Imagen generada por IA
Yo probé miel siendo niño, en los Castillos de Guayana.
No era una miel limpia ni servida. Era una colmena recién sacada de la selva. Las abejas seguían allí, alteradas, defendiendo lo suyo. Había fuego, ramas, movimiento, tensión. Cualquier descuido podía costar dolor.
Y, sin embargo, al probarla, todo cambió.
Dulce.
Refrescante.
Suave.
Peligrosa.
Esa fue mi primera idea de la miel.
Recuerdo también el proceso: había que colarla con telas, retirar restos de cera, limpiar lo que había quedado de ese enfrentamiento entre el hombre y el enjambre. No era un producto terminado. Era algo vivo, recién tomado.
Con los años, la miel volvió a aparecer en mi vida de otra manera.
En Carrión de los Condes uso miel El Camino.
La del pueblo.
Con el tiempo entendí algo sencillo: la miel buena no siempre es líquida. Se espesa, se cristaliza, cambia de forma. Y es allí cuando empieza la verdad.
Detrás de ese tarro hay un trabajo que casi no se ve. Las abejas, el campo, las estaciones. El apicultor, que cuida sin imponer. Todo ocurre sin ruido. Como en mi cocina.

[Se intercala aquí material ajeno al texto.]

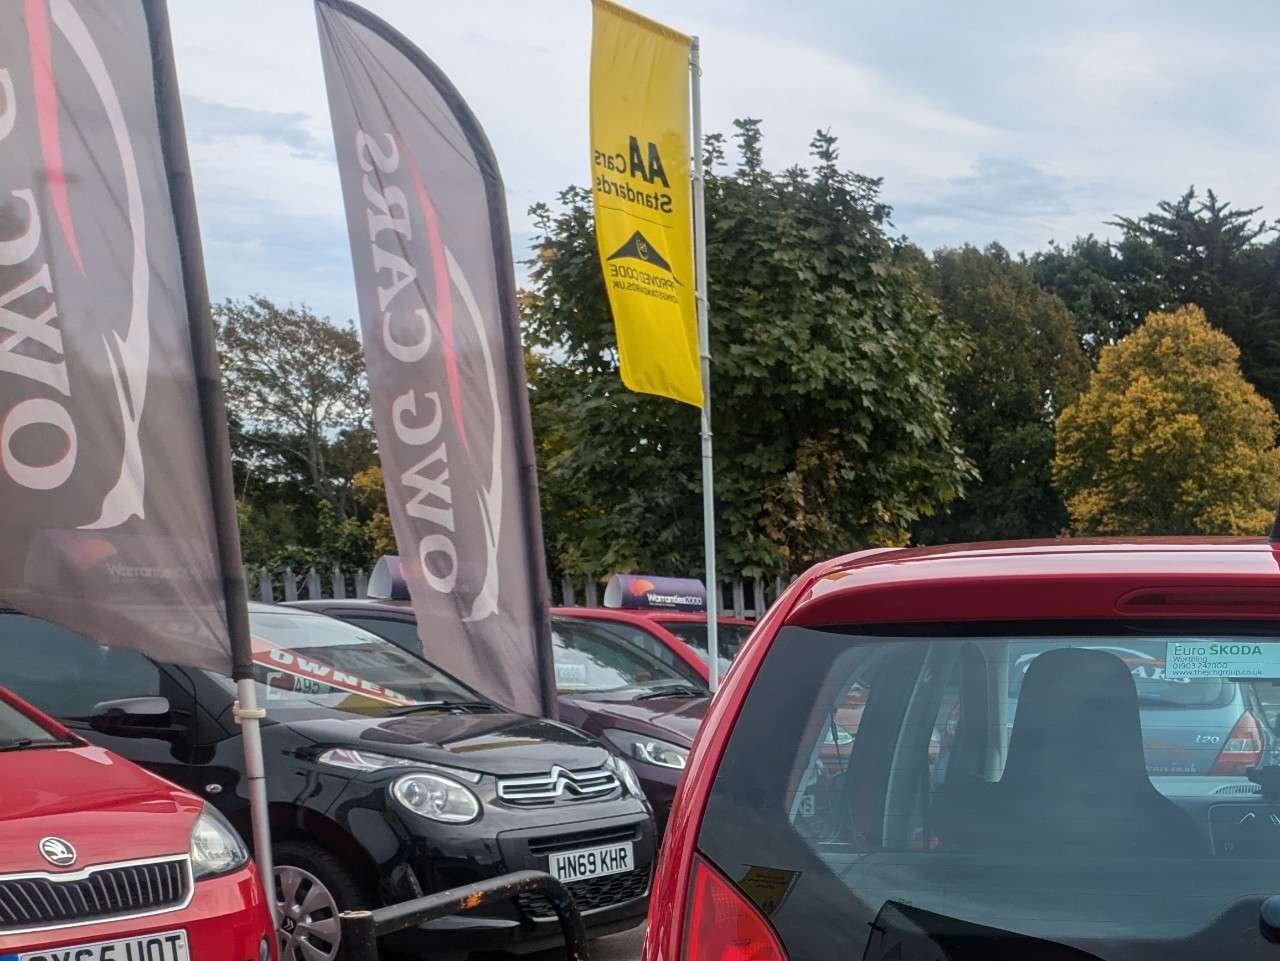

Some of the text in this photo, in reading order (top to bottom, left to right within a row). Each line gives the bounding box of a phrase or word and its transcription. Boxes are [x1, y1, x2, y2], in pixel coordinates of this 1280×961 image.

[1174, 643, 1262, 656] Euro ŠKODA
[556, 847, 628, 880] HN69 KHR

Como en otras cosas de esta tierra, lo importante se sostiene.
La miel no necesita explicarse. Basta con observar cómo cambia, cómo se transforma sin perder su naturaleza:
Se adapta, se asienta, encuentra su forma con el tiempo.
Delicatessen:
Un poco de miel sobre queso de vaca semi curado o sobre una rebanada de pan tostado con mantequilla.
Nada más.
Notas de cocina honesta:
La miel cristalizada no está dañada: está viva.
No la calientes en exceso: pierde propiedades.
Y si es miel del pueblo, mejor todavía porque sostiene, identifica.